Fandemonium by Rick Schindler
Ray Sirico used to have it all. Once, he was the brilliant and outrageous Clown Prince of Comics, who reinvented the venerable superhero Skylord, and ranted and rollicked everywhere from TV talk shows to Hollywood premieres.But that was in the ’70s and ’80s. Now it’s 1993, and Sirico is a drunken has-been. His wife has left him, his movie flopped, and his comics’ publisher is doing so poorly that its new corporate parent has come up with a radical marketing stunt: the Death of Skylord.Still, Sirico has one last chance to recapture the limelight: Fandemonium, the nation’s biggest fantasy convention. But others are coming to the con too: Harmony Storm, the sex-crazed actress who broke up Ray’s marriage; his former collaborator Tad Carlyle, who now has his own company, and a troubled relationship; Fred D’Auria, a fanboy fleeing adolescent traumas, and corporate conspirators who are plotting to sacrifice Sirico’s greatest creation for motives deeper than even his fevered imagination could conceive.
I have to kick this off by saying I'm really worried I won't be able to convey to you just how much I enjoyed this book; so much so that I felt an odd sense of loss once it was over. Fandemonium is a four hundred page tome, and I can safely say I would happily read another four hundred; then four hundred after that. I loved it.
The story is a satirical look at the business side of comic books. All of our typical stereotypes are here, both business and fanboy. Being a partner in a successful business (unfortunately retail, rather than publishing) and also a girl who is partial to a con or two, it was hilarious to see the plot unfold with familiarity. Although his cynicism runs through every thread of the storyline, it's clear to see Schindler's love for comic books running alongside his pessimism.
Schindler nails his characters completely. The depth of each of them was impressive, and the way I felt about them individually was incredible. Our protagonist, Ray Sirico, is the type of man I absolutely despise. Sexist, racist, homophobic, and just entirely judgmental of everyone, he's a true asshole, and we are shown him as having not a friend in the world. But he was written in such a way that I was keeping my fingers crossed for him in a "you show them, Ray!" attitude. Amazing. I was also glad to see Schindler tying all of the characters' affairs up at the finale, and I was entirely satisfied to see everyone getting what they duly deserved.
The story is so easy to get carried away with. We flit from one character's narrative to another, which creates a huge picture of an intricate plot which is strangely easy to keep track of. Schindler employs the art of metafiction (in the form of scripts, emails, memos, interviews, programs, book prices, newspaper articles etc.) at the end of each chapter to give us yet another view of his world. Both of these devices are personal favourites of mine, and only made me more eager to continue reading.

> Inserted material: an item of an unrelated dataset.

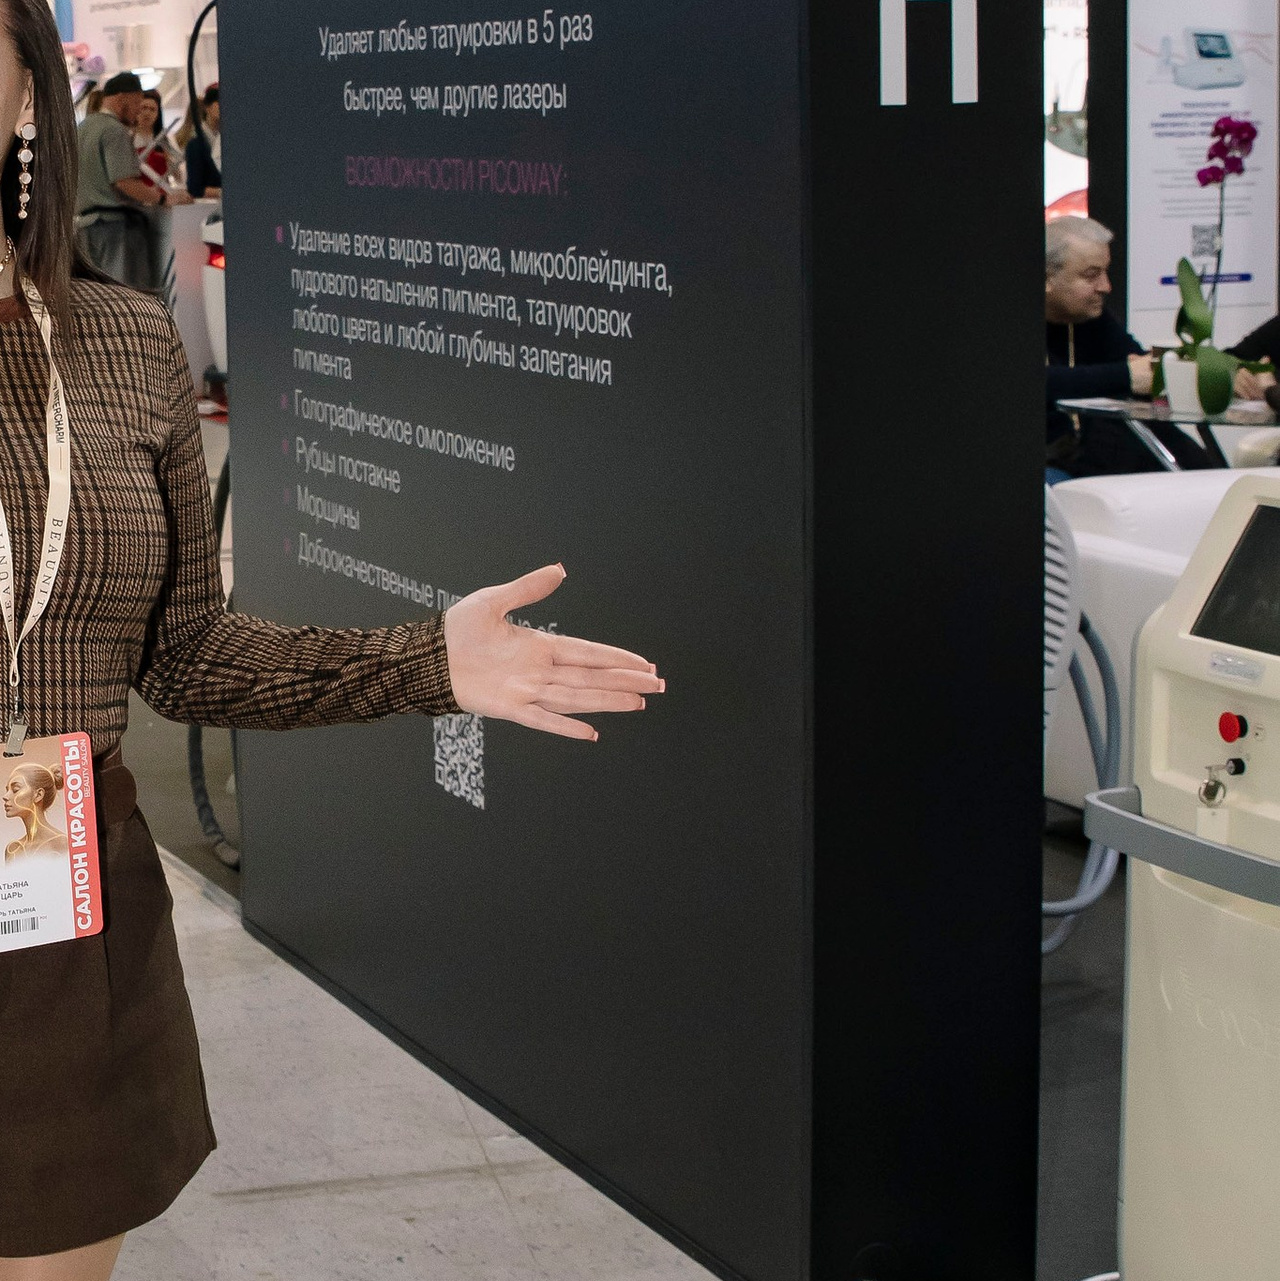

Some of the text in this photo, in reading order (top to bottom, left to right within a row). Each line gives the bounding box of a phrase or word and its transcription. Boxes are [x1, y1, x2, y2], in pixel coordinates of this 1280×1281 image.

When the day of Fandemonium arrives, we are treated to the most in depth description of a con I have ever witnessed. Schindler captures the crowds, the confusion, the colour, and the costumes so well, and even unravelled how I felt the last time I went to a con on my own; I didn't even realise I had felt any of these things until I was in the shoes of one of Schindler's characters: a fifteen year old boy.
What impressed me most were the characters and stories created by the fictional publishers within the novel. Schindler told us these stories, and introduced us to these characters, in such depth that we were up to speed on the entire canon pretty quickly. That Schindler has all of these heroes and villains in his brain is absolutely overwhelming to me, and I loved taking a break from our 'real' characters to tune into a bit of Skylord. Although She-Zanna was my favourite.
You don't have to be into comics to read this book, although it helps you understand some of the smaller references. This book is about people, relationships, power, and weakness. It's hilarious with sober undertones, and despite the bright colours and laugh out loud references, it's really a serious look at the human condition.